The judge didn’t come to an opposite legal conclusion about using pirated works. The judge concluded that the claim of using pirated works was unsubstantiated by the plaintiffs.

drivebyhooting 2 days ago ago

I’d rather pay real human authors and artists for their creativity than openAI.

As it is, I would never pay for an AI written textbook. And yet who will write the textbooks of tomorrow?

[-]

ronsor 2 days ago ago

I'd rather not pay OpenAI either. I'll stick with my open-weights models, and I rather anachronistic rent-seeking not kill those.

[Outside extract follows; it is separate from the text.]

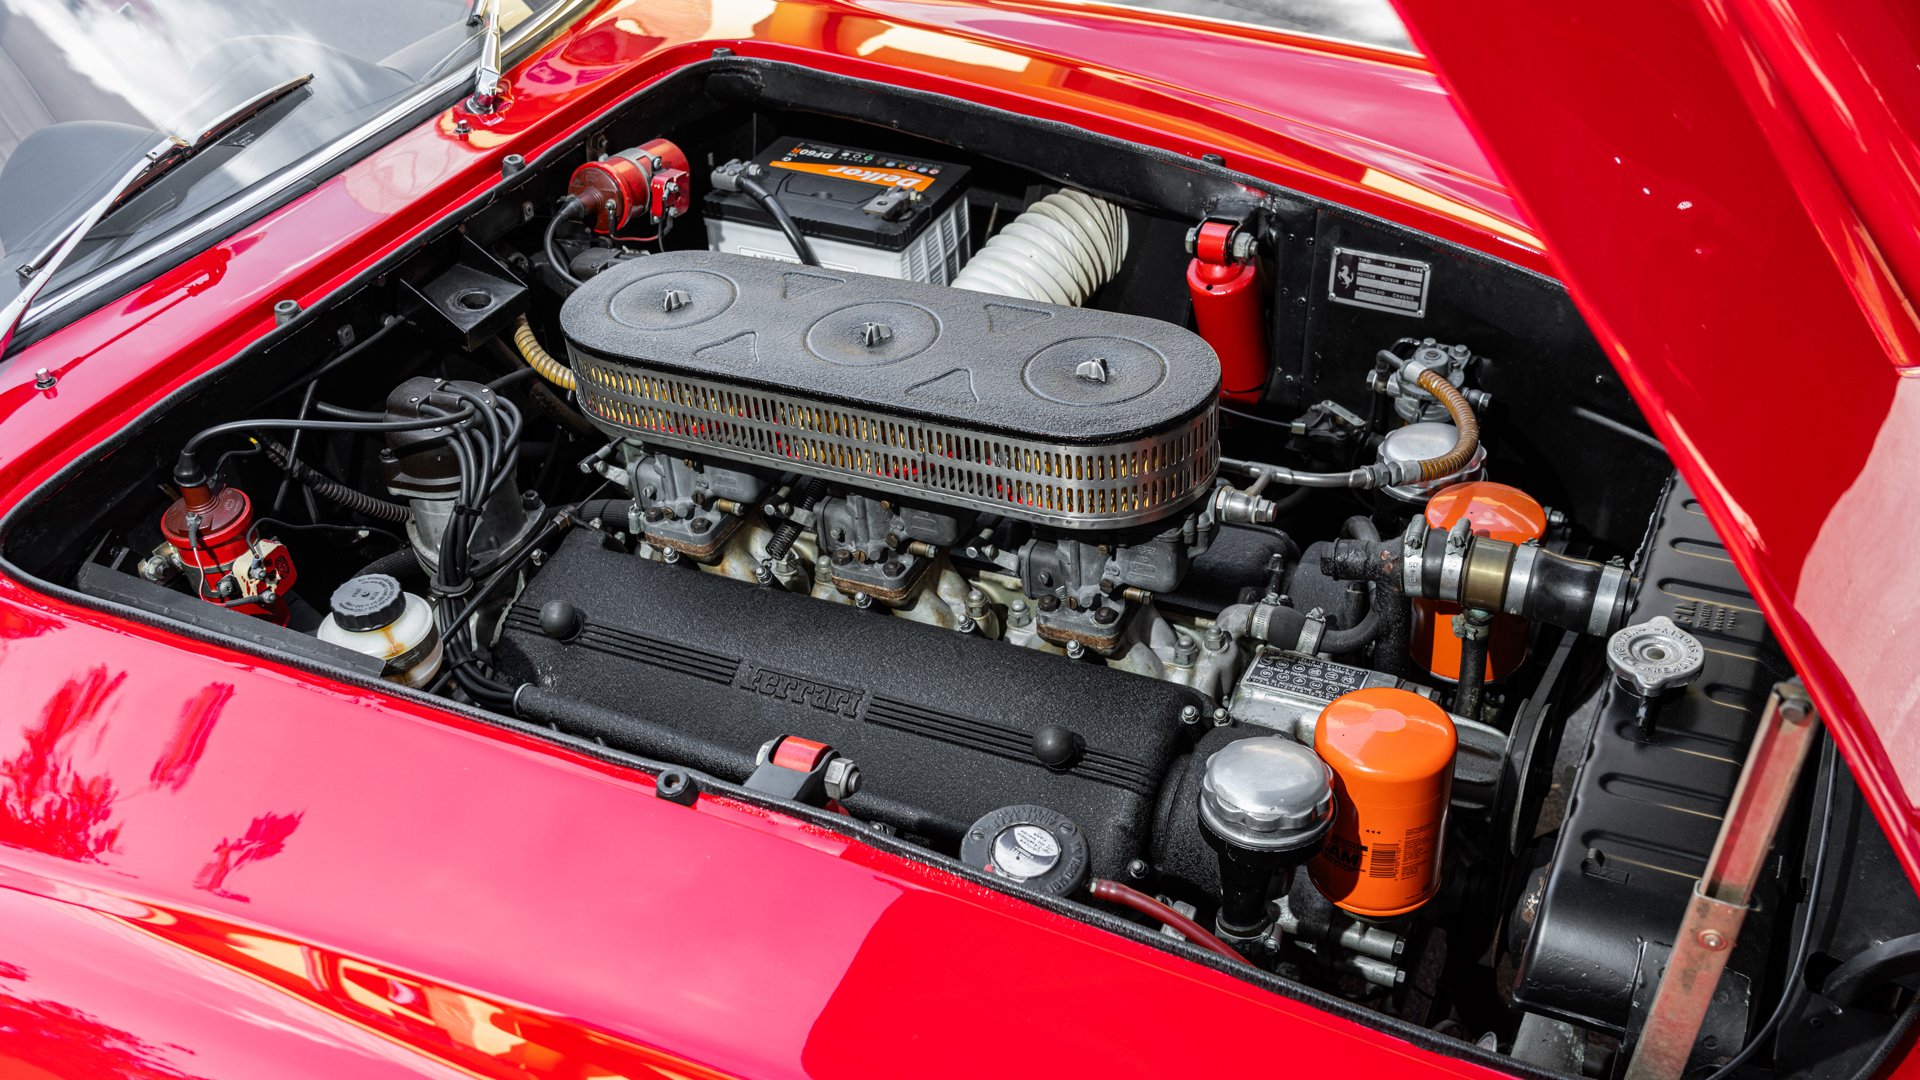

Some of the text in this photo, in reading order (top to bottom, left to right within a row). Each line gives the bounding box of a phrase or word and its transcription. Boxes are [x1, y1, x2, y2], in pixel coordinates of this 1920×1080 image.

[828, 165, 922, 188] Delkor
[1392, 293, 1414, 301] CHASSIS
[740, 667, 866, 718] Ferrari

You're not getting a cent from OpenAI, and the government isn't going to do anything about it. Just get over it.

[-]

drivebyhooting 2 days ago ago

All of them are trained on copyrighted data. Why is it okay for a model to serve up paraphrased books but verbatim copies from the Pirate Bay are illegal?

I don’t deny the utility of LLMs. But copyright law was meant to protect authors from this kind of exploitation.

Imagine instead of “magical AGI knowledge compression”, instead these LLM providers just did a search over their “borrowed” corpus and then performed a light paraphrasing of it.

[-]

kouteiheika 2 days ago ago

> Why is it okay for a model to serve up paraphrased books but verbatim copies from the Pirate Bay are illegal?

Because they are not actually memorizing those books (besides few isolated pathological cases due to imperfect training data deduplication), and whatever they spit out is in no way a replacement for the original?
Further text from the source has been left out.